Killing Time

"As something possible, death is supposed to show as little as possible of its possibility", writes Heidegger in Being and Time (p.251). Yet what happens if the moment of our death is fully revealed to us, such as through capital punishment?

Killing Time
Photo by Heather Zabriskie / Unsplash

"As something possible, death is supposed to show as little as possible of its possibility", writes Heidegger in Being and Time (p.251). Yet what happens if the moment of our death is fully revealed to us, such as through capital punishment?
Drawing on the Heideggerian concept of Dasein, in his book Killing Times, David Wills argues that, whether one is for or against capital punishment, it is this very pinpointing of the exact minute of execution that constitutes its power.
This is because, whereas for Heidegger realising the finitude and brevity of life charges it with meaning, for Wills, the pinpointing of the moment of death through execution "means that the lived nows of the condemned person’s everyday existence no longer function as moments in which death is possible, and which potentialize being. Instead, those lived nows come to constitute “dead” instants, instants of nonbeing that restrict or imprison a condemned person in a time devoid of, vacated by life".


Wills then expands this argument, applying it to drone warfare. Because the potential target of a drone strike is unaware of the exact time of impact, or that they may even be a target at all, death becomes doubly concealed: "Under that veil, the time of the sovereign’s judgment accelerates to infinite speed, the no-time of a secretive black hole within which, more dramatically than a trapdoor or falling blade, the missile strikes with lightning speed out of the sky, a rainbow meteoric arc of fire sent from executive executioner to those condemned".

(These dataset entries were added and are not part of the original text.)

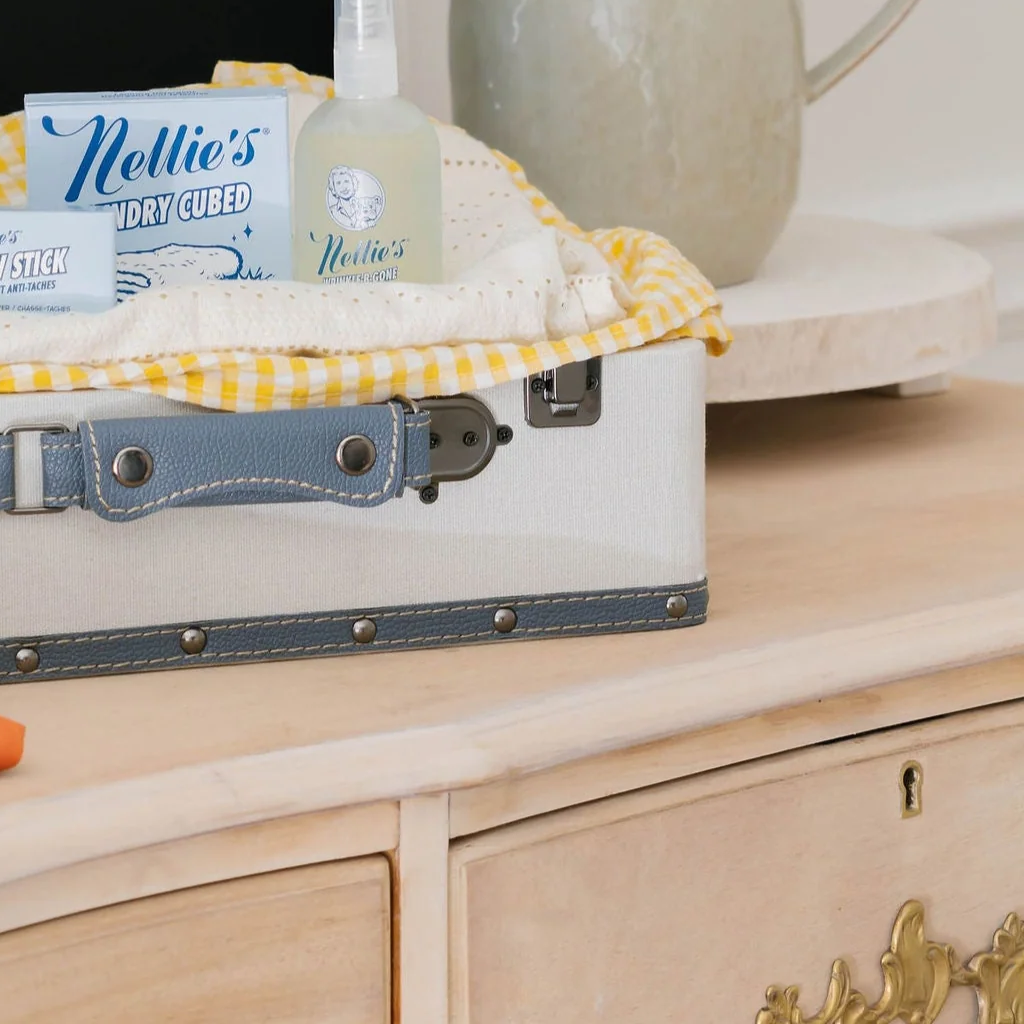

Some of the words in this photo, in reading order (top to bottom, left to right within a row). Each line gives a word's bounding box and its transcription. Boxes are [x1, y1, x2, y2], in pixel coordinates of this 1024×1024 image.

[91, 192, 175, 232] NDRY
[177, 181, 252, 222] CUBED
[9, 246, 70, 280] STICK
[309, 231, 408, 276] Nellie's
[6, 279, 57, 295] ANTI-TACHES

In both cases, whether death is pumped into the blood through lethal injection or reigns down from above through precision strike, the effect is still the same from a Heideggerian point of view: the violent curtailment of ex-static time with its life-giving being-towards-death and its replacement with a technologised death-date is, to quote Wills, "to infect the time of life with the now of death". This, in a Heideggerian sense, gives the death penalty its special horror, or its particular justice, depending on your point of view.